Non solo a Hume si è rifatto il filosofo di Tufts ma anche a William James che sulla strada tracciata dal filosofo scozzese nel ‘700 aveva negato la possibilità che esistesse una specie di neurone pontificio che spiegasse la nostra attività conoscitiva e di pensiero. Anche James intende disfarsi della coscienza quale sostanza spirituale a favore di una versione più funzionale. La versione decentrata della coscienza così come viene teorizzata da Daniel Dennett trova riscontro nei modelli delle neuroscienze oggi, che invece di cercare la sede della coscienza (eterno problema al quale Cartesio aveva dato la traballante soluzione della ghiandola pineale) si concentrano sulle strutture neuronali alla ricerca di paralleli per dare veste alla coscienza. Per questo Dennett ha sempre respinto l’idea che la coscienza fosse un mistero, per molti filosofi si tratterebbe dell’ultimo mistero che hanno davanti le scienze e di cui non riescono a dare ragione. Invece, secondo Dennett “La coscienza è l’illusione del cervello su se stesso o, più precisamente, è un’intera manciata di illusioni dell’utente per vari componenti del cervello che devono svolgere diversi lavori di discriminazione e controllo”. Per lui non c’è nulla di misterioso, ma solo un’abitudine degli uomini nel ritenere che nella nostra testa, nel nostro cervello, ci sia una specie di cabina di regia che conosce la realtà, e ne coglie le sfaccettature. Al contrario le teorie neuroscientifiche come quella di Stanislas Dehaene e Lionel Naccache di ispirano a modelli di elaborazione delle informazioni periferici, in cui gli stati neurali per quanto piccoli sono complessi e concorrono a portare conoscenza, a creare memoria e sono non del tutto noti, ancora oggi.
Il contributo critico e vivace, potremmo definirlo così, che Dennett ha apportato agli studi filosofici e cognitivi sulla coscienza del Ventesimo secolo non si potrebbero considerare nella sua interezza senza il parallelo, di cui è stato uno dei principali artefici, tra la mente umana e il computer.

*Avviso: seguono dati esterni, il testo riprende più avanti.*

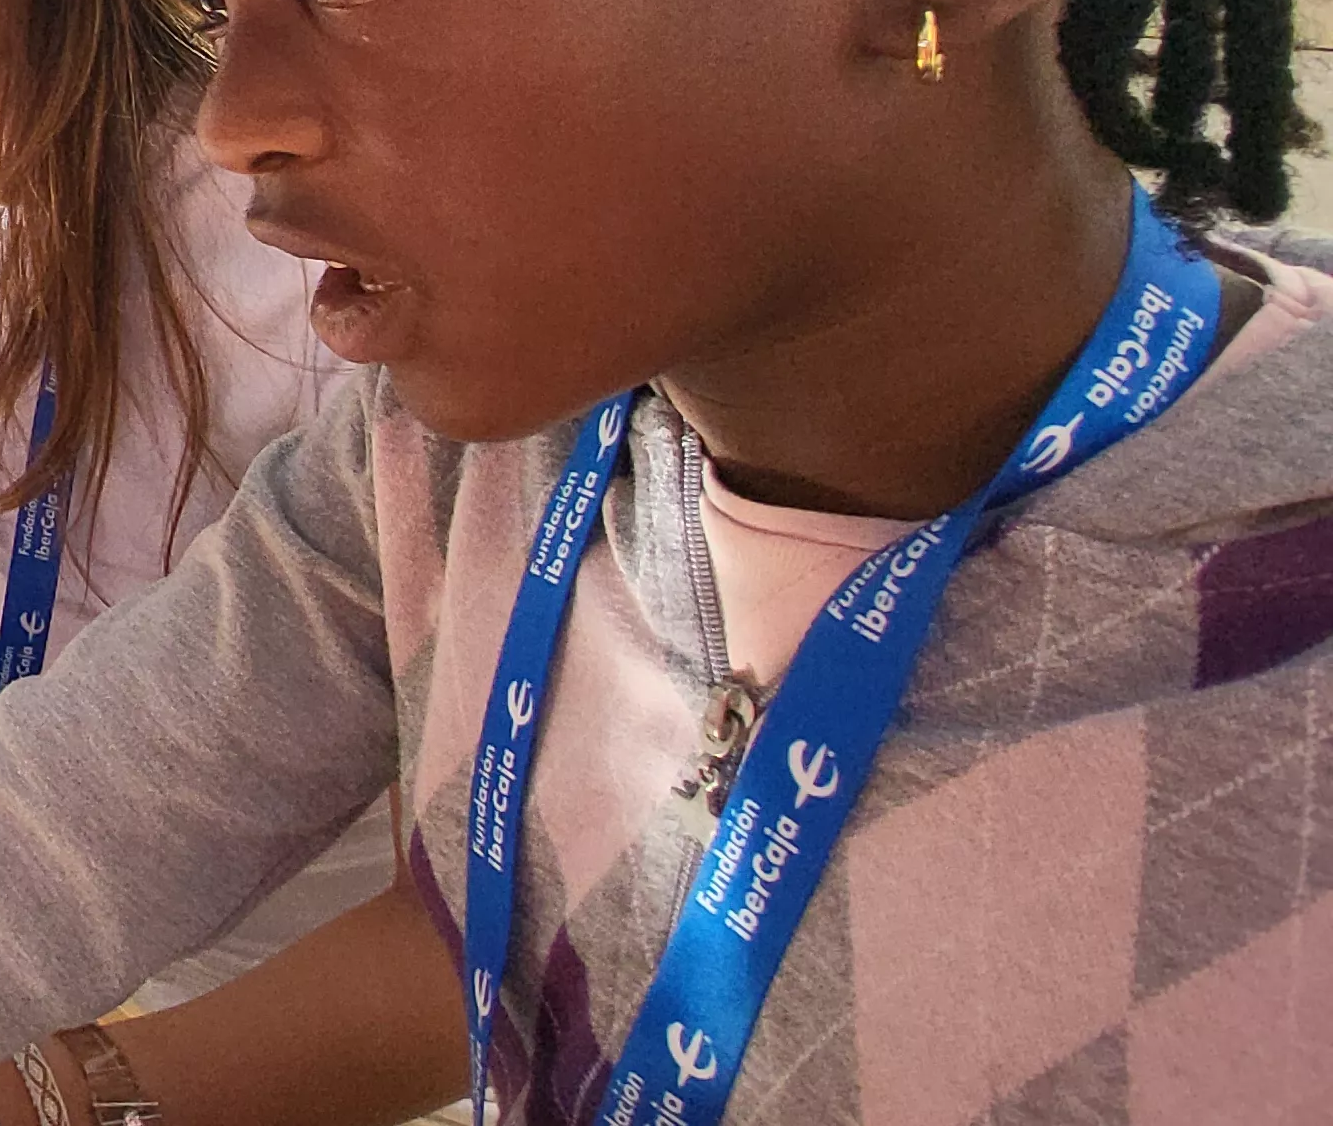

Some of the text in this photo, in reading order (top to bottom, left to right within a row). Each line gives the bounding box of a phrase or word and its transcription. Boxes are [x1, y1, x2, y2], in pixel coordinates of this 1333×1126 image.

[1123, 306, 1205, 423] Fundación
[530, 471, 579, 576] Fundación
[473, 744, 496, 858] Fundación
[695, 798, 761, 915] Fundación

Siccome oggi il dibattito sull’Intelligenza artificiale appare molto vivido, sarebbe bene recuperare lo spirito che ha animato molti teorici del settore filosofico sin dagli albori dell’AI, ovvero dopo Alan Turing. Per Dennett è la mente umana ad essere modellata sulla struttura del computer o del calcolatore che sia e non il contrario. La mente umana reagisce agli input con degli output e grazie a dei trasduttori che portano informazioni così come accade nel computer. Le nostre qualità sensitive (quelle che i filosofi chiamano tecnicamente i “qualia”) sono una specie di software, un programma (della mente) impiantati su un hardware. Per questo motivo John Searle che non ha lesinato critiche alla teoria della coscienza di Dennett, contestando l’impianto, ha qualificato questo modello di Intelligenza artificiale come una versione “forte” di Intelligenza artificiale.

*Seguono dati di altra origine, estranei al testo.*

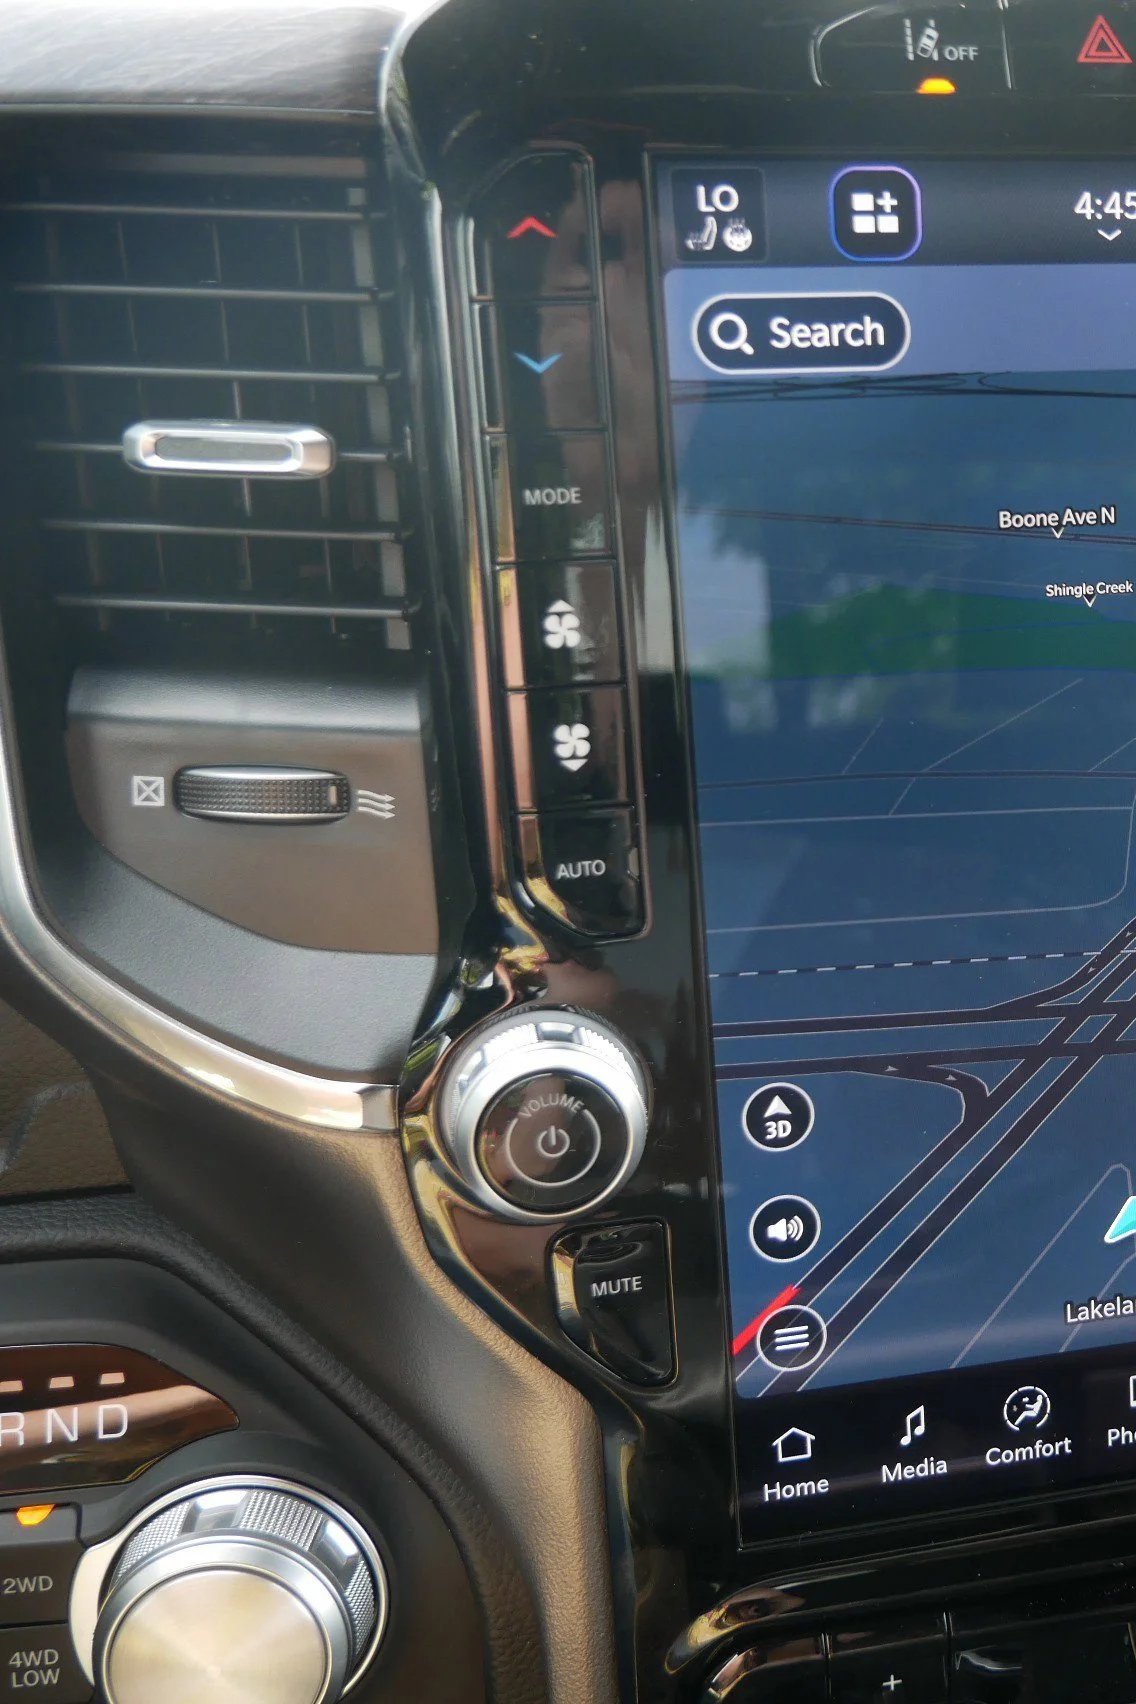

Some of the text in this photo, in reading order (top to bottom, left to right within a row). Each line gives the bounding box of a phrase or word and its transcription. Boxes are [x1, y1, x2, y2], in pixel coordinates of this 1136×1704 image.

[945, 46, 979, 62] OFF
[697, 184, 739, 214] LO
[769, 315, 885, 349] Search
[524, 487, 582, 506] MODE
[999, 507, 1116, 529] Boone Ave N
[1045, 580, 1134, 600] Shingle Creek
[556, 859, 606, 879] AUTO
[518, 1092, 585, 1119] VOLUME
[765, 1119, 792, 1139] 3D
[590, 1275, 643, 1297] MUTE
[0, 1403, 129, 1447] R N D
[985, 1436, 1072, 1466] Comfort
[881, 1456, 948, 1483] Media
[764, 1475, 830, 1502] Home
[3, 1575, 54, 1594] 2WD
[8, 1648, 59, 1668] 4WD
[11, 1668, 61, 1689] LOW
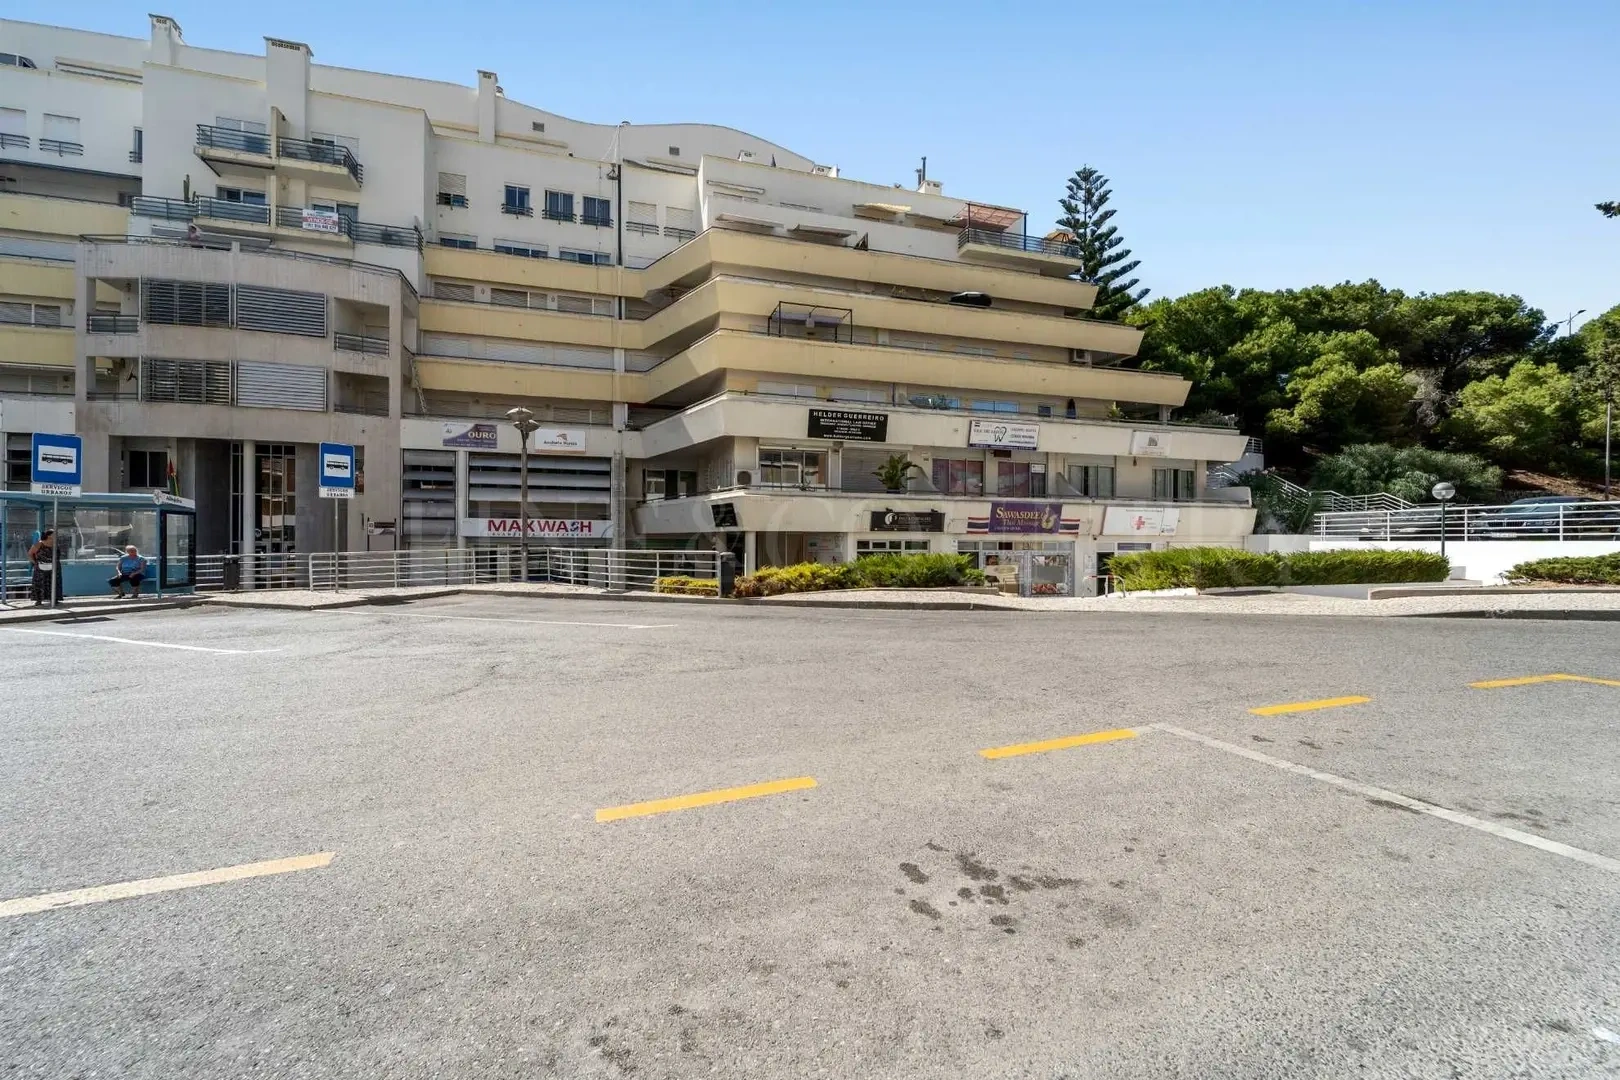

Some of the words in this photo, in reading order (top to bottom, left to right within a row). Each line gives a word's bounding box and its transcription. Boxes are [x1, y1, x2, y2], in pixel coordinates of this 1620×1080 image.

[843, 413, 885, 421] GUERREIRO
[467, 431, 496, 439] OURO
[996, 506, 1042, 519] SAWASDEE
[487, 519, 592, 533] MAXWASH

A ottobre prossimo sarà pubblicato in Italia il nuovo libro di Daniel Dennett grazie al lavoro della Raffaello Cortina Editore. Il lavoro si intitola “Pensiamoci bene. Avventure nella filosofia”. Si tratta di un’autobiografia intellettuale e filosofica dell’autore. Probabilmente non ci saranno nuove teorie, ma certamente il lettore avrà la possibilità di comprendere le basi del pensiero di Dennett, che ha molto influenzato le teorie filosofiche sulla mente e sulla coscienza.